Wirex, a full-stack crypto card issuer and Banking-as-a-Service (BaaS) provider, today announced it is powering the launch of the Chimera Card — a Bitcoin-funded debit card that brings practical, everyday Bitcoin spending to users worldwide.

Wirex BaaS: One Integration, Complete Infrastructure

Through a single API integration, Chimera Wallet gains access to Wirex’s complete BaaS stack:

  • Non-Custodial Card Issuance — Virtual and physical debit cards that let users spend while maintaining full control of their assets. Includes seamless Apple Pay and Google Pay integration.
  • EUR & USD IBAN Accounts — Named virtual IBANs with SEPA Instant and Faster Payments connectivity for seamless fiat on/off ramping across 30+ countries.
  • Unified Balance Management — Real-time stablecoin-to-fiat conversion at point of sale, with zero prefunding requirements.
  • DeFi Yield with Enterprise Controls — Integrated yield opportunities on idle balances with full compliance and risk management.

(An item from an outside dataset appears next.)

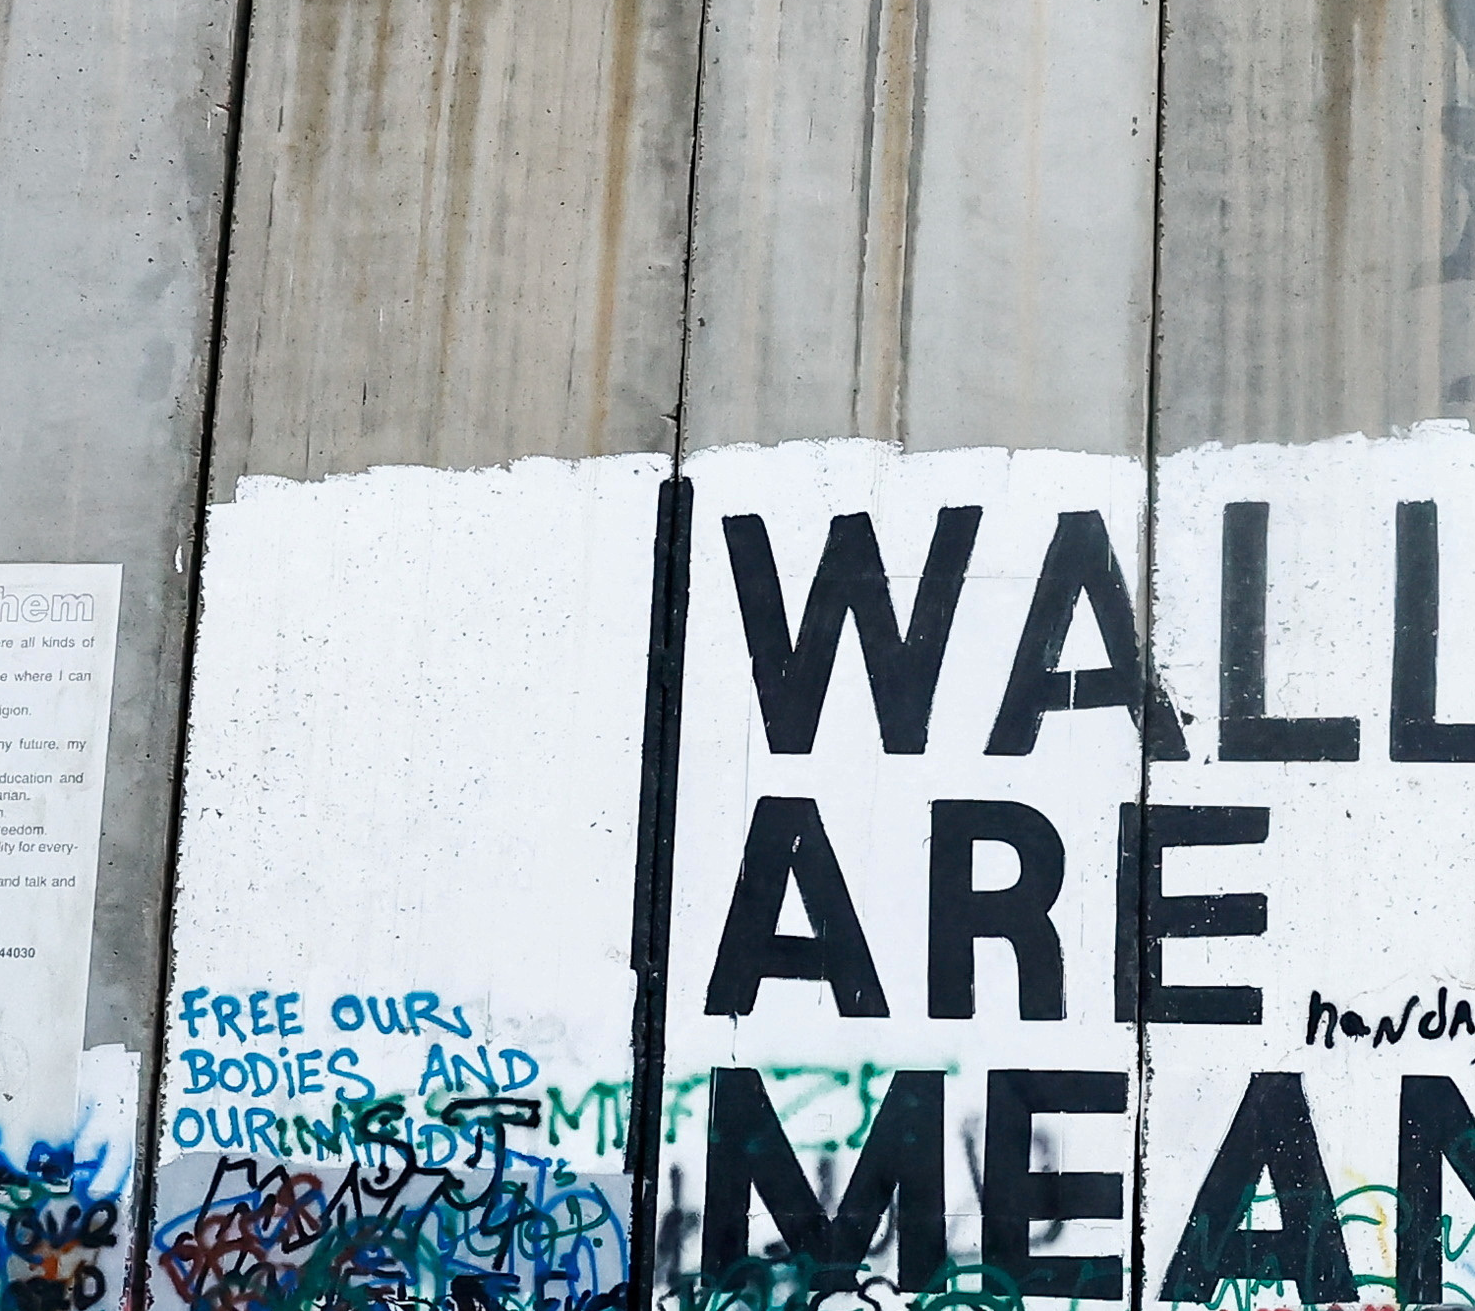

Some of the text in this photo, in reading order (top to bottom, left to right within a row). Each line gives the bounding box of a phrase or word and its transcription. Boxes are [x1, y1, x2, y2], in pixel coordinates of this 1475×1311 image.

“Our BaaS platform exists so that innovators like Chimera can focus on building great products instead of navigating payment infrastructure complexity,” said Daniel Rowlands, General Manager, Onchain Finance at Wirex.“With a single integration, Chimera gets non-custodial cards, banking rails, and DeFi — everything needed to launch a world-class Bitcoin spending experience globally. That’s the power of full-stack BaaS.”

Rapid Global Deployment

By leveraging Wirex BaaS, Chimera avoids the complexity of building payment infrastructure from scratch — no separate card issuers, banking partners, or compliance frameworks to manage. The result: a debit card accepted at 80+ million merchants worldwide, with users maintaining self-custody of their Bitcoin throughout.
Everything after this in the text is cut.